Reading time: 6 Minutes
Every form of movement in our body requires energy. This energy must be produced and provided. The production of energy takes place in and through our muscles. The energy produced is stored in the muscle, among other places, to achieve the shortest possible transport route. Body movements always occur when one of our muscles shortens (contracts). To accomplish this (shortening) work, the muscle draws on various energy sources available, which are stored in varying quantities and metabolized either directly or in a roundabout way to provide energy.
To illustrate this more simply, we will now use an everyday situation in which some muscles have to shorten to move our body weight from A to B: the ever-popular stair climbing.
Climbing stairs on the ground floor is not usually a major challenge. To reach the 10th floor, however, we would like to have an elevator, especially if we have to carry heavy shopping into the apartment.
If we look at the range of different speeds at which our feet can climb one (or more) step(s) on the way up, we gain an insight into the need to provide energy. Everyone should know the feeling of exertion on the 3rd floor, your legs burn and your movement is no longer as agile as it was at the start of the climb. But why is this the case?
From zero to one hundred with creatine
As mentioned at the beginning, our muscles are capable of performing movements at different speeds. We can climb a step slowly one after the other or complete a record-breaking sprint through the stairwell *all as quietly as possible, of course* …
Now we have to understand that to do the former (slow running), our body uses a completely different type of energy source stored in the muscle than is the case with the latter (sprinting). The energy store used enables us to maintain the corresponding speed of movement over a certain period of time. In most cases, a stair sprint ends after a few seconds when we reach the first floor.
Compared to other energy sources (e.g. fat), creatine (phosphate) can be used most quickly for muscle contraction and thus ensures that movement is carried out quickly. Unfortunately, the creatine store is not very large, which is why a movement can only be maintained for a few seconds by using creatine alone. But don’t worry, because our body automatically switches to one of the other energy sources when needed and tries to replenish the creatine energy stores at the next opportunity. After the rewarding break on the 3rd floor, nothing stands in the way of our next sprint to the 4th floor, at least from the point of view of the creatine store.

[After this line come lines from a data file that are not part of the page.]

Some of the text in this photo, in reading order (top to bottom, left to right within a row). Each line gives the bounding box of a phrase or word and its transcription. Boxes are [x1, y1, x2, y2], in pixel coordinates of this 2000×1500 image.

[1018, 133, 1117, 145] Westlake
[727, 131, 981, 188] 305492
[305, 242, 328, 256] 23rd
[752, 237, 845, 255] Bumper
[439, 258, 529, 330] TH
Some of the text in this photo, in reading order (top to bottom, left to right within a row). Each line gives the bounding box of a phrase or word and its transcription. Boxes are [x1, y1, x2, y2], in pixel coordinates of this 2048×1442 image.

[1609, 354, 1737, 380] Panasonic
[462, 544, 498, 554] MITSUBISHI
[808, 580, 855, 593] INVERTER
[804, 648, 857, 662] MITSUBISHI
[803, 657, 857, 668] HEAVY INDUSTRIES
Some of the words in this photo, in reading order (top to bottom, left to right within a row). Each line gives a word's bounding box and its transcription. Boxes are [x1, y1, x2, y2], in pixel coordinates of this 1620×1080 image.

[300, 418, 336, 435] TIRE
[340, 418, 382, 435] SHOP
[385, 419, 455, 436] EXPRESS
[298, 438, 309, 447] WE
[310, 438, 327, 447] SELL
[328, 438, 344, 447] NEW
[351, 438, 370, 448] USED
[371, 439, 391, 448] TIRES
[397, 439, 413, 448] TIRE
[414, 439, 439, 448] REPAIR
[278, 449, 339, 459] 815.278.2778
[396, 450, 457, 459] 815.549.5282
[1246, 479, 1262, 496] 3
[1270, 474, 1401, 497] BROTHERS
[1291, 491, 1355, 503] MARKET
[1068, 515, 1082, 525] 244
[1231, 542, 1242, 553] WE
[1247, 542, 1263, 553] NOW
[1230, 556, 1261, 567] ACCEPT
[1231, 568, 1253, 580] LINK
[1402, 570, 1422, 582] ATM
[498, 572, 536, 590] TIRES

If only I had a larger supply of creatine energy …
More Creatine = Higher Endurance Performance?
Now that we understand how our muscles can move our body weight quickly from A to B (using creatine), we can move on to the real question: Is (dietary) supplementation with creatine beneficial for my endurance performance? In other words, does a larger amount of creatine in our body (and therefore in our muscles as a storage location) make us more enduring?
In sports, the influence of creatine supplementation has been well-researched for over 25 years. For all age groups and genders, a positive benefit has been shown, with no to minimal side effects, when it comes to physical performance to the work performed (including more strength, higher performance threshold, and faster recovery). However, there are also signs of a positive direct influence on mental performance and aging processes. There is now even evidence that creatine can also support and promote brain health.
Concerning endurance performance (in our example, climbing stairs), the additional intake of creatine results in the following:
- faster movement is possible more often (climbing more stairs with greater agility)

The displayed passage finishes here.